During a conference call Jan. 11, Elinore McCance-Katz, assistant secretary for mental health and substance use, said that NREPP was not a beneficial database, and there was a “complete lack of linkage” between evidence-based practices and actual treatment of mental illness and substance abuse.

In a statement from McCance-Katz, she said that NREPP vetted programs submitted by outside developers, which resulted in treatments that did not meet the full spectrum of needs of people with substance abuse issues and mental illness. These needs include screenings, treatments, psychotherapies, recovery services and more. SAMHSA said it will now identifying evidence-based treatments in-house. McCance-Katz added:

The program as currently configured often produces few to no results, when such common search terms as “medication-assisted treatment” or illnesses such as ”schizophrenia” are entered. There is a complete lack of a linkage between all of the [evidence-based programs] that are necessary to provide effective care and treatment to those living with mental and substance use disorders, as well. If someone with limited knowledge about various mental and substance use disorders were to go to the NREPP website, they could come away thinking that there are virtually no EBPs for opioid use disorder and other major mental disorders – which is completely untrue.

While McCance-Katz expressed that NREPP was flawed, the database was still widely used by mental health and medical professionals, some of whom voiced their concern on Twitter.

The registry is still available online but has not been updated since September.

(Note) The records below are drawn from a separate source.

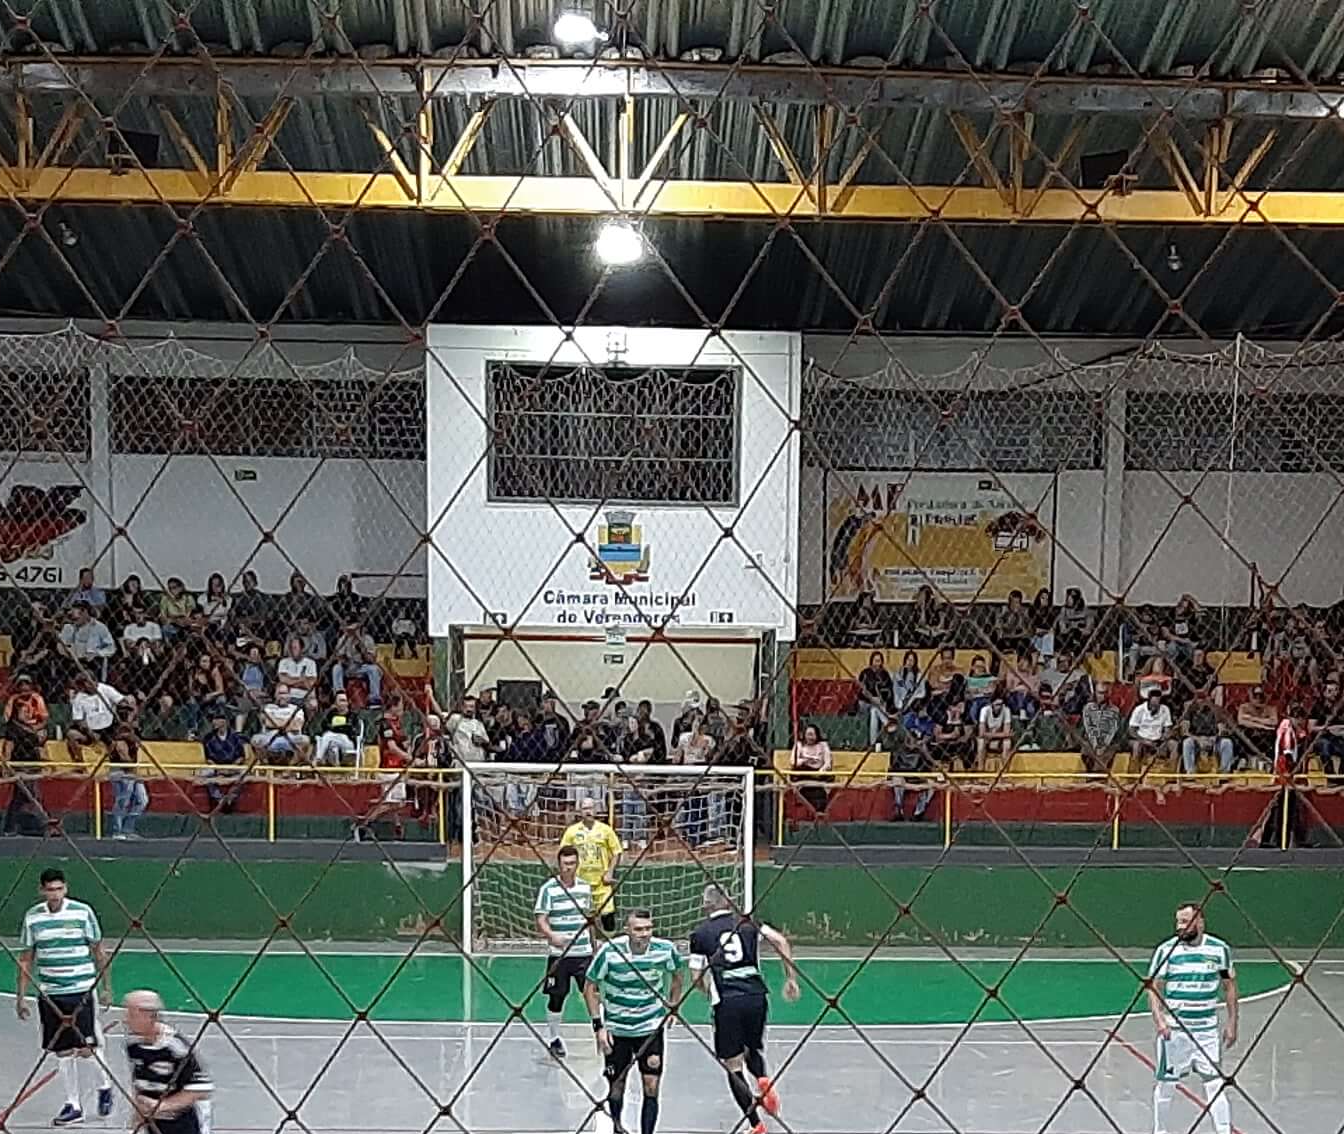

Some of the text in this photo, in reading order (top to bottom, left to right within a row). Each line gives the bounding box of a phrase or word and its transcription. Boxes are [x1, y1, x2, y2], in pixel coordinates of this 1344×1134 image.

[543, 589, 696, 609] Câmara Municipal
[556, 609, 577, 624] de
[718, 930, 744, 964] 9
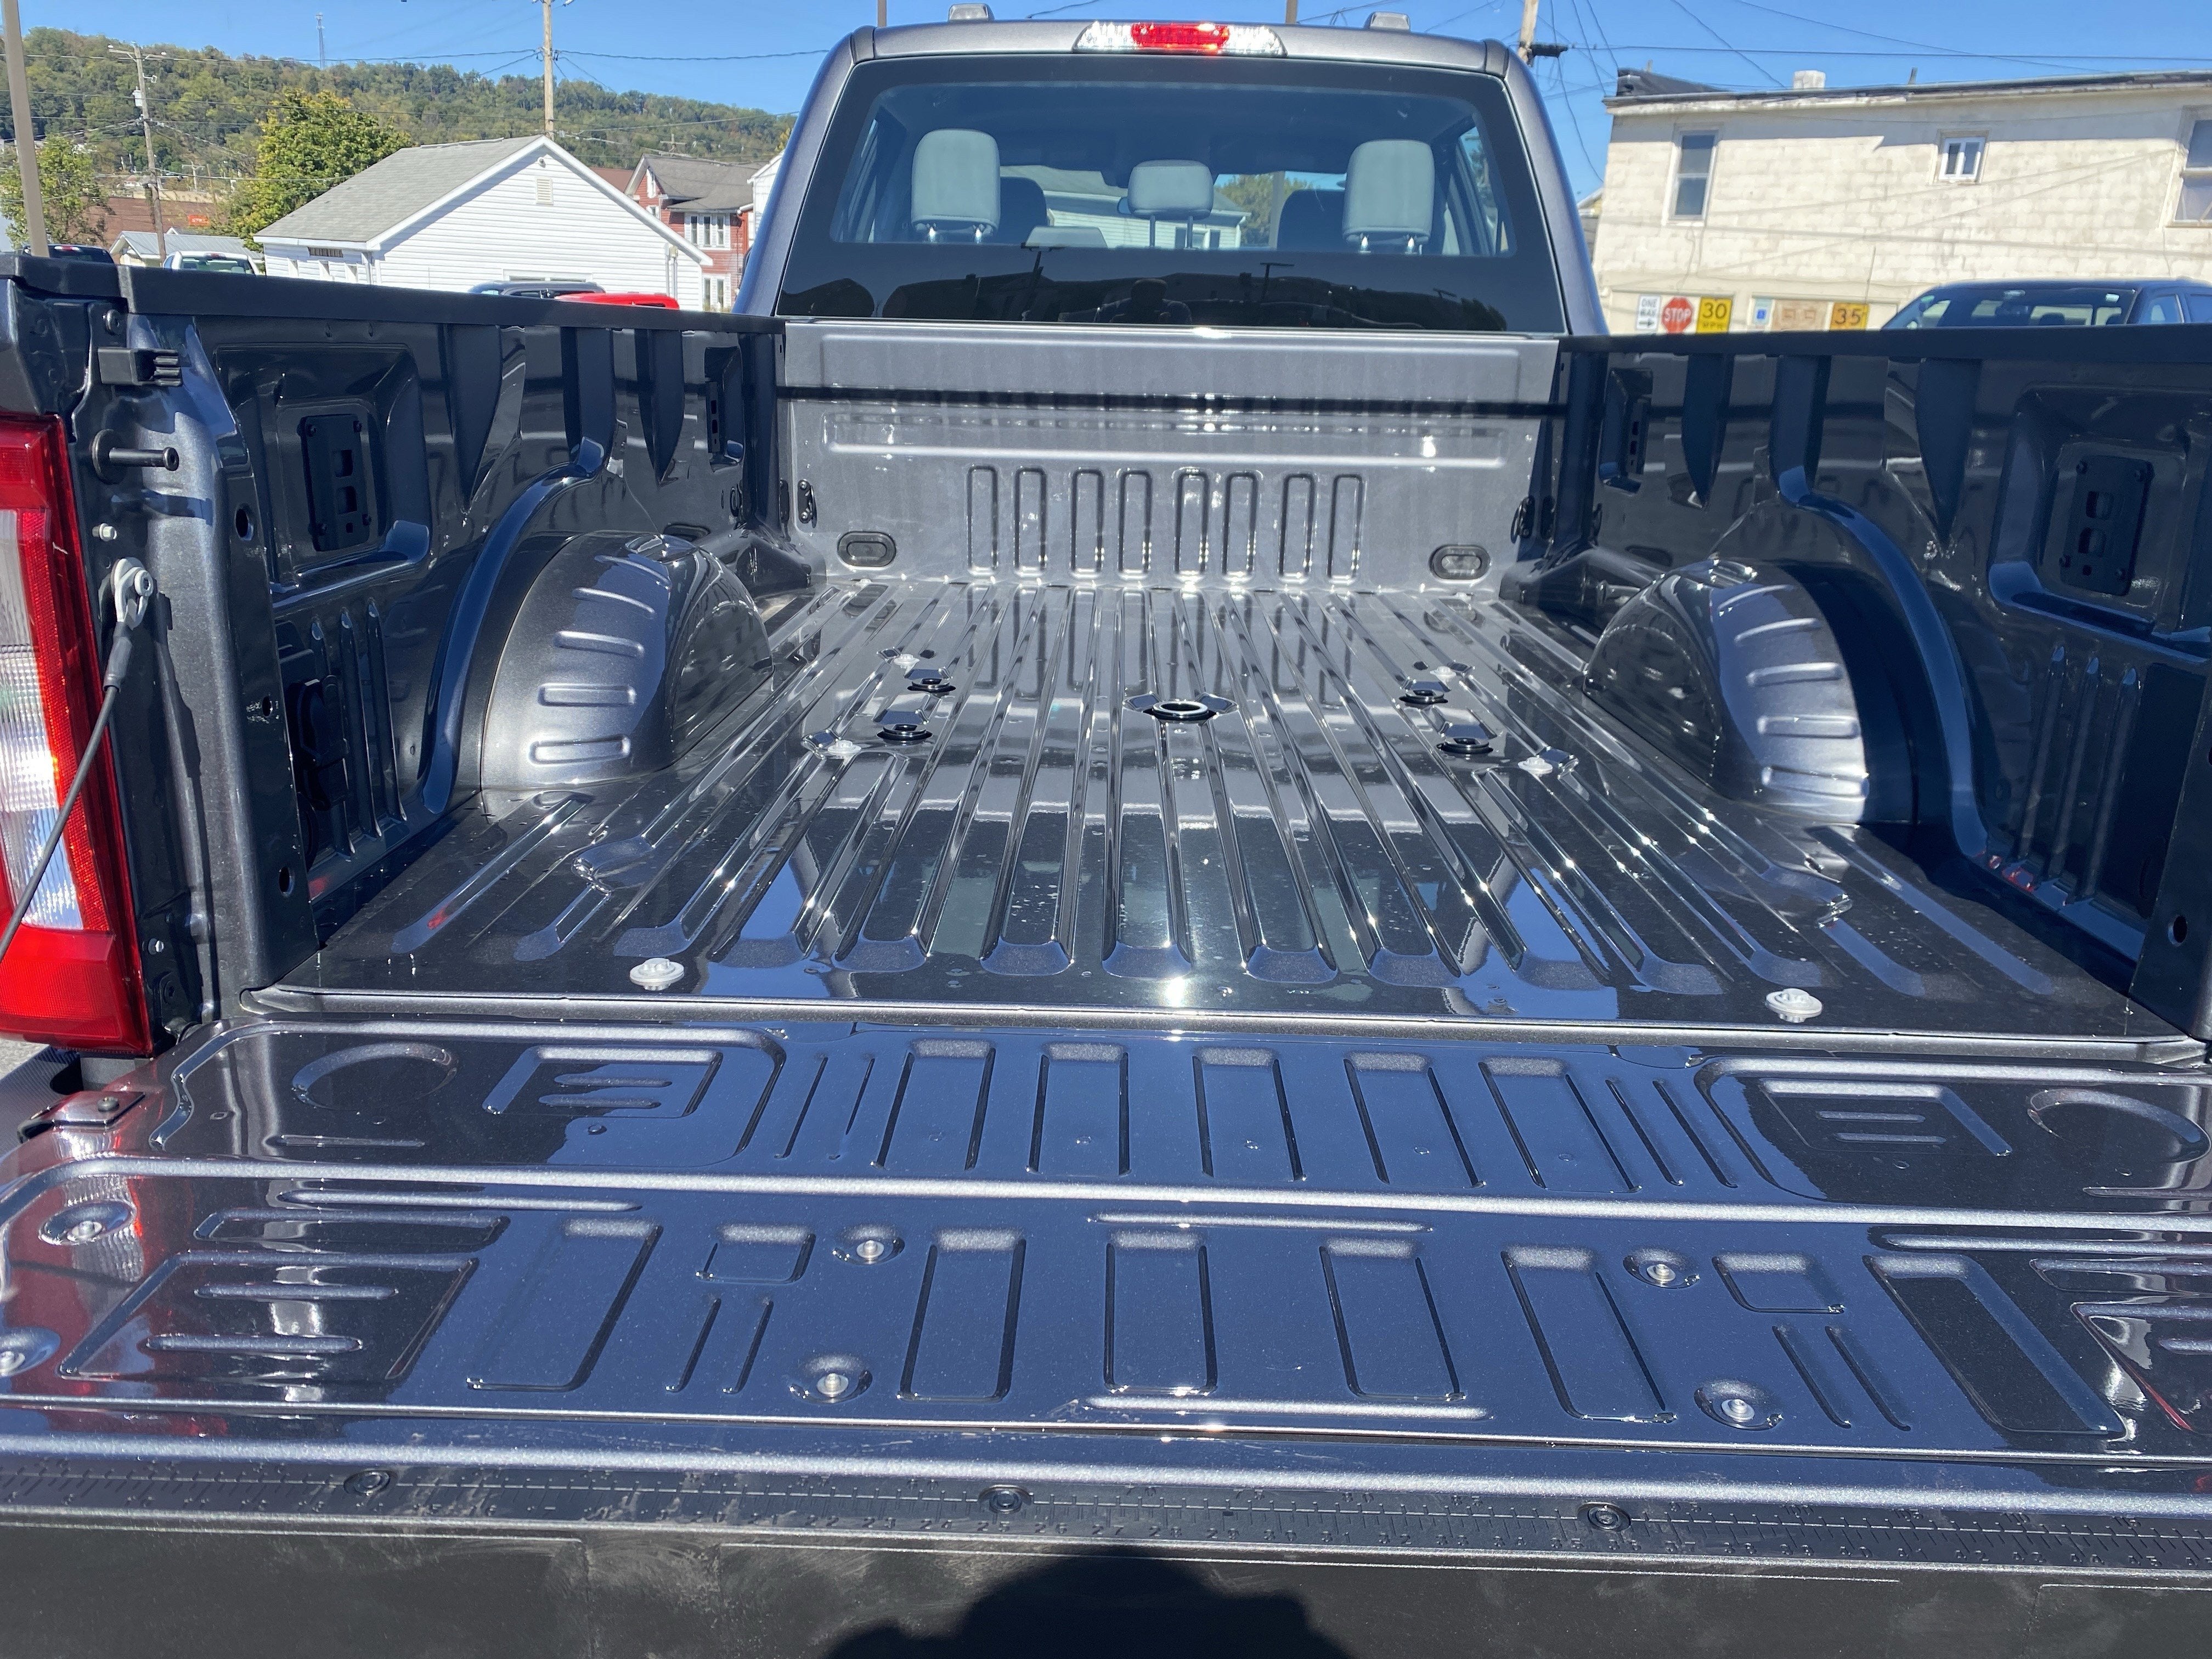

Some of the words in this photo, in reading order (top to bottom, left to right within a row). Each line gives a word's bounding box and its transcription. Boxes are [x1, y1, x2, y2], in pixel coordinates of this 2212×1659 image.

[1664, 308, 1691, 321] STOP
[1702, 302, 1727, 319] 30
[1835, 308, 1861, 325] 35

Christopher Jones, director of SAMHSA’s mental health and substance use policy laboratory, said it will probably be available until a new system is in place. What the new system will be, as well as the timeline for getting it up, is unclear.

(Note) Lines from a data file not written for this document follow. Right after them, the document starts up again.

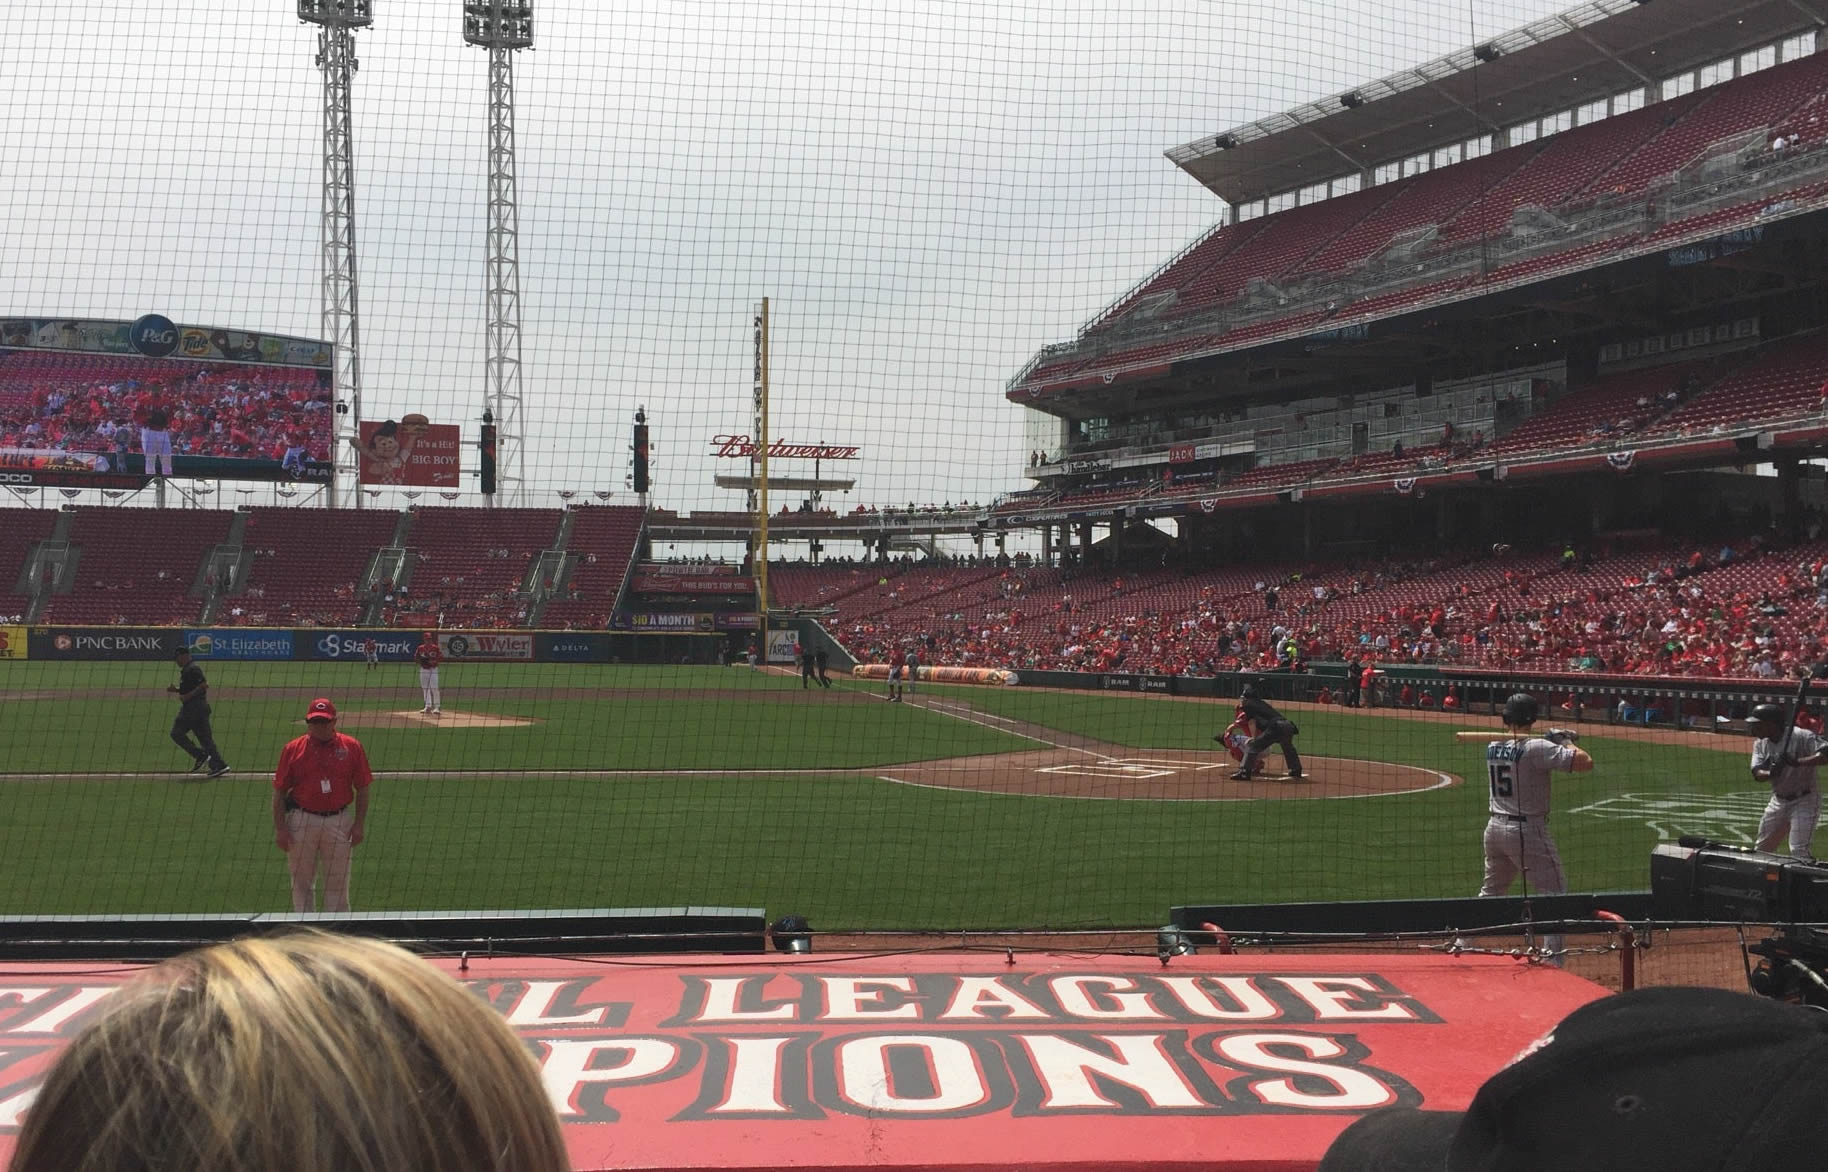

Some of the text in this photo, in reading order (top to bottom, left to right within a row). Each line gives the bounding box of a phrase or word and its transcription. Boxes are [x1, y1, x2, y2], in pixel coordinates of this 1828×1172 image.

[141, 328, 174, 344] P&G
[183, 335, 208, 351] Tide
[712, 434, 857, 458] Budweiser
[412, 455, 456, 465] BIG BOY
[1170, 449, 1193, 461] JACK
[1071, 462, 1111, 474] handlebar
[682, 581, 697, 589] THIS
[698, 581, 717, 589] BUD'S
[719, 581, 732, 589] FOR
[631, 615, 695, 626] $10 A MONTH
[75, 636, 162, 650] PNC BANK
[231, 638, 290, 650] Elizabeth
[343, 639, 411, 654] Stamark
[475, 636, 529, 651] Wyler
[1490, 765, 1512, 798] 15
[688, 975, 1425, 1022] LEAGUE

On Wednesday, a handful of U.S. senators sent a letter of concern to McCance-Katz in response to the discontinuation of NREPP. They wrote:

We understand that the Policy Lab is going to ‘play a central role in shaping SAMHSA’s efforts to bring more science to the evidence-based practices used in the prevention, treatment, and support services being provided by behavioral health practitioners and other clinicians’; however, it is unclear when the Policy Lab will be ready as a resource and what resources it will include for behavioral health practitioners.

Under the 21st Century Cures Act, the Policy Lab was supposed to be up and running by Jan. 1. No announcements have been made as to when the Policy Lab will provide resources to health professionals, the senators wrote, adding that the lab is not fully staffed.

“Given that NREPP was discontinued before the Policy Lab was fully implemented, this is especially concerning for behavioral health professionals who rely on up-to-date data from NREPP as a resource for their daily work,” the letter stated.